#### MATERIAL FOR THIS TASK:
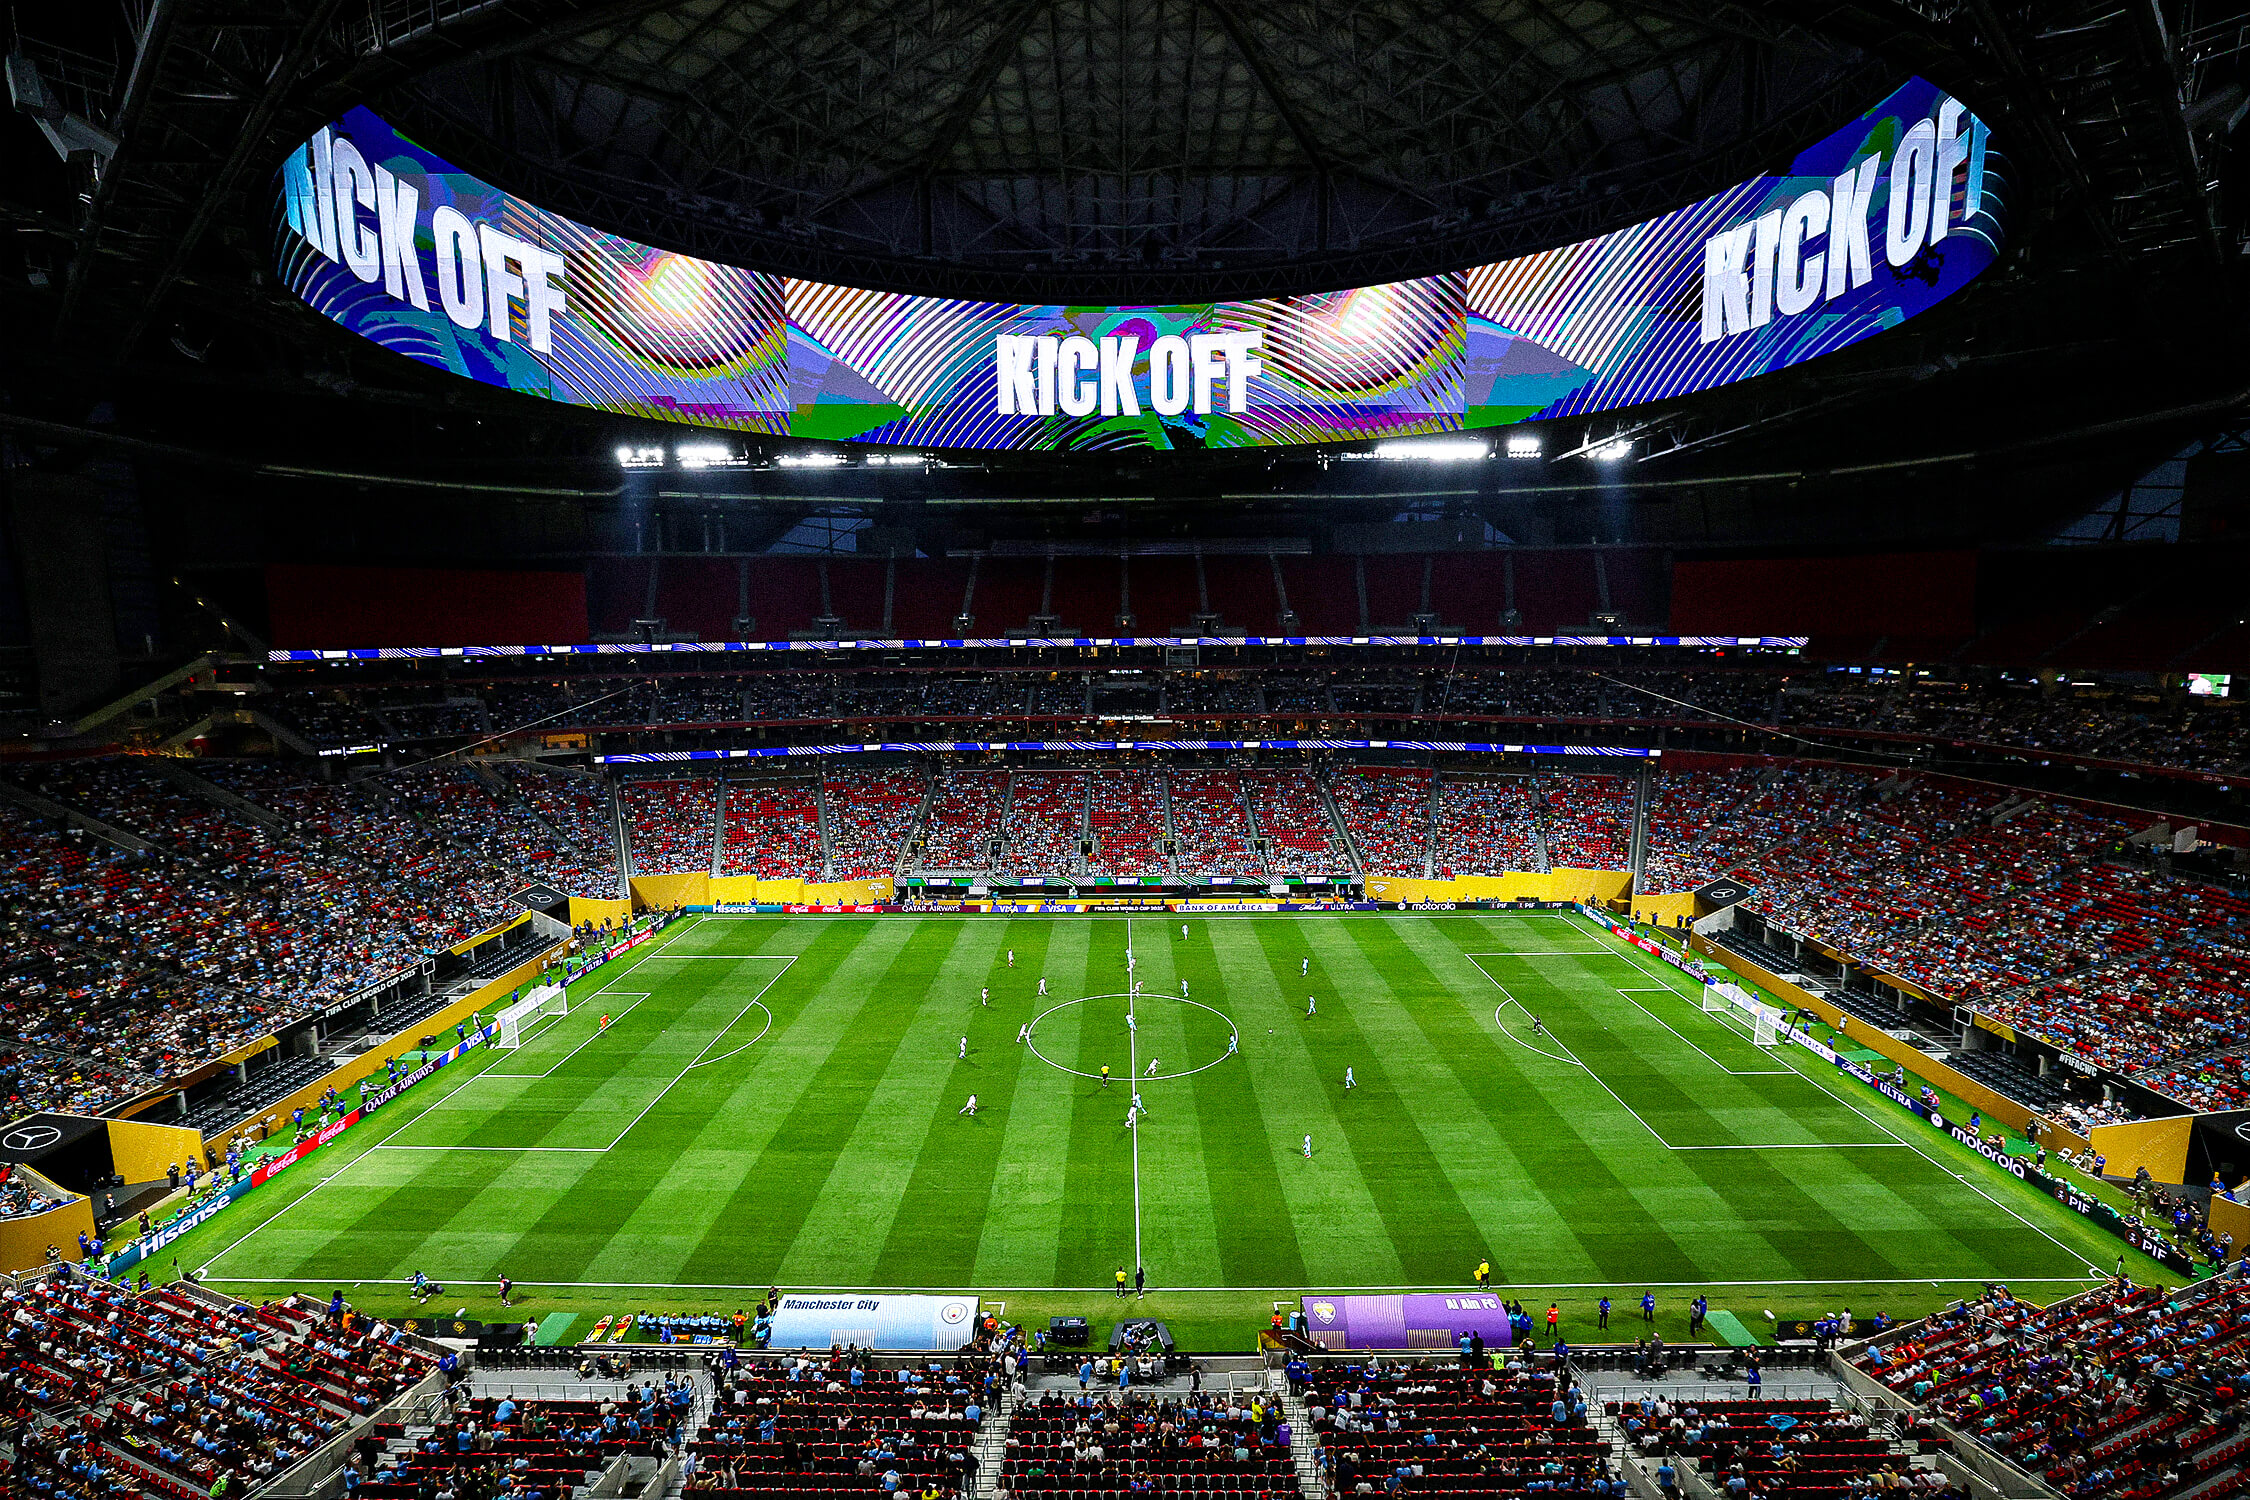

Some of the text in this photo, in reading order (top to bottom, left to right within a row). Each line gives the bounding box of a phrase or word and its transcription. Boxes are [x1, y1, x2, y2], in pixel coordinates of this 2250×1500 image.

[283, 126, 567, 355] KICK OFF
[1700, 151, 1881, 344] KICK
[996, 331, 1263, 416] KICK OFF
[712, 905, 757, 913] Hisense
[1048, 905, 1067, 913] VISA
[1412, 902, 1456, 911] motorola
[1582, 905, 1607, 928] Hisense
[585, 957, 604, 973] ULTRA
[325, 1004, 342, 1018] FIFA
[342, 994, 361, 1009] CLUB
[361, 983, 386, 1000] WORLD
[386, 977, 400, 988] CUP
[467, 1030, 486, 1050] VISA
[2059, 1053, 2098, 1077] #FIFACWC
[365, 1064, 435, 1113] QATAR AIRWAYS
[1879, 1082, 1912, 1110] ULTRA
[244, 1113, 277, 1136] Hisese
[1951, 1127, 2025, 1179] motorola
[2068, 1195, 2091, 1214] PIF
[139, 1194, 231, 1260] Hisense
[2142, 1239, 2168, 1260] PIF
[783, 1299, 880, 1312] Manchester City
[1445, 1297, 1498, 1310] Al Ain FC

#### WHAT IS BEING ASKED:
Drop the pictures and reproduce the rest of the data exactly.

#### YOUR RESPONSE:
Some of the text in this photo, in reading order (top to bottom, left to right within a row). Each line gives the bounding box of a phrase or word and its transcription. Boxes are [x1, y1, x2, y2], in pixel coordinates of this 2250×1500 image.

[283, 126, 567, 355] KICK OFF
[1700, 151, 1881, 344] KICK
[996, 331, 1263, 416] KICK OFF
[712, 905, 757, 913] Hisense
[1048, 905, 1067, 913] VISA
[1412, 902, 1456, 911] motorola
[1582, 905, 1607, 928] Hisense
[585, 957, 604, 973] ULTRA
[325, 1004, 342, 1018] FIFA
[342, 994, 361, 1009] CLUB
[361, 983, 386, 1000] WORLD
[386, 977, 400, 988] CUP
[467, 1030, 486, 1050] VISA
[2059, 1053, 2098, 1077] #FIFACWC
[365, 1064, 435, 1113] QATAR AIRWAYS
[1879, 1082, 1912, 1110] ULTRA
[244, 1113, 277, 1136] Hisese
[1951, 1127, 2025, 1179] motorola
[2068, 1195, 2091, 1214] PIF
[139, 1194, 231, 1260] Hisense
[2142, 1239, 2168, 1260] PIF
[783, 1299, 880, 1312] Manchester City
[1445, 1297, 1498, 1310] Al Ain FC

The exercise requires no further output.